### Problem to solve:
Type out all the records word for word. Any pictures are to be left out.

============================================================

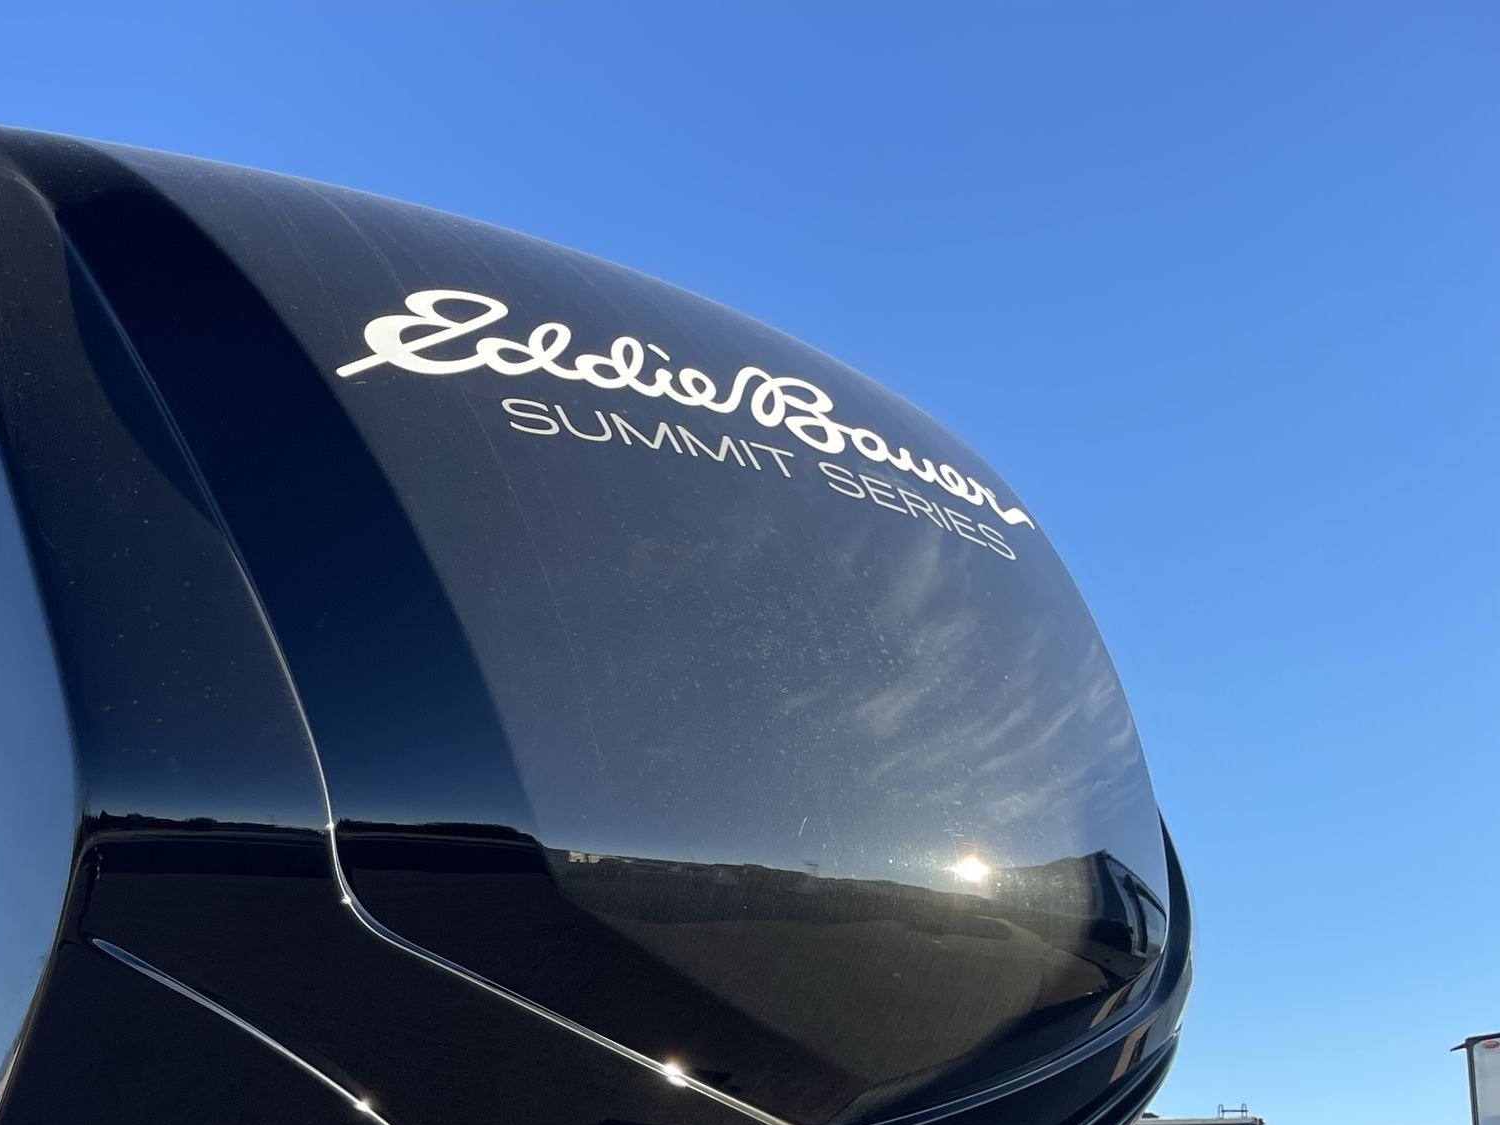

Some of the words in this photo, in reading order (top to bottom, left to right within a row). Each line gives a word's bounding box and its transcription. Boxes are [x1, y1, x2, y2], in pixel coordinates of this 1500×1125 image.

[336, 290, 725, 413] Eddie
[722, 366, 1035, 529] Bauer
[501, 398, 794, 478] SUMMIT
[818, 461, 1017, 560] SERIES

============================================================

### Answer space:
Some of the words in this photo, in reading order (top to bottom, left to right within a row). Each line gives a word's bounding box and its transcription. Boxes are [x1, y1, x2, y2], in pixel coordinates of this 1500×1125 image.

[336, 290, 725, 413] Eddie
[722, 366, 1035, 529] Bauer
[501, 398, 794, 478] SUMMIT
[818, 461, 1017, 560] SERIES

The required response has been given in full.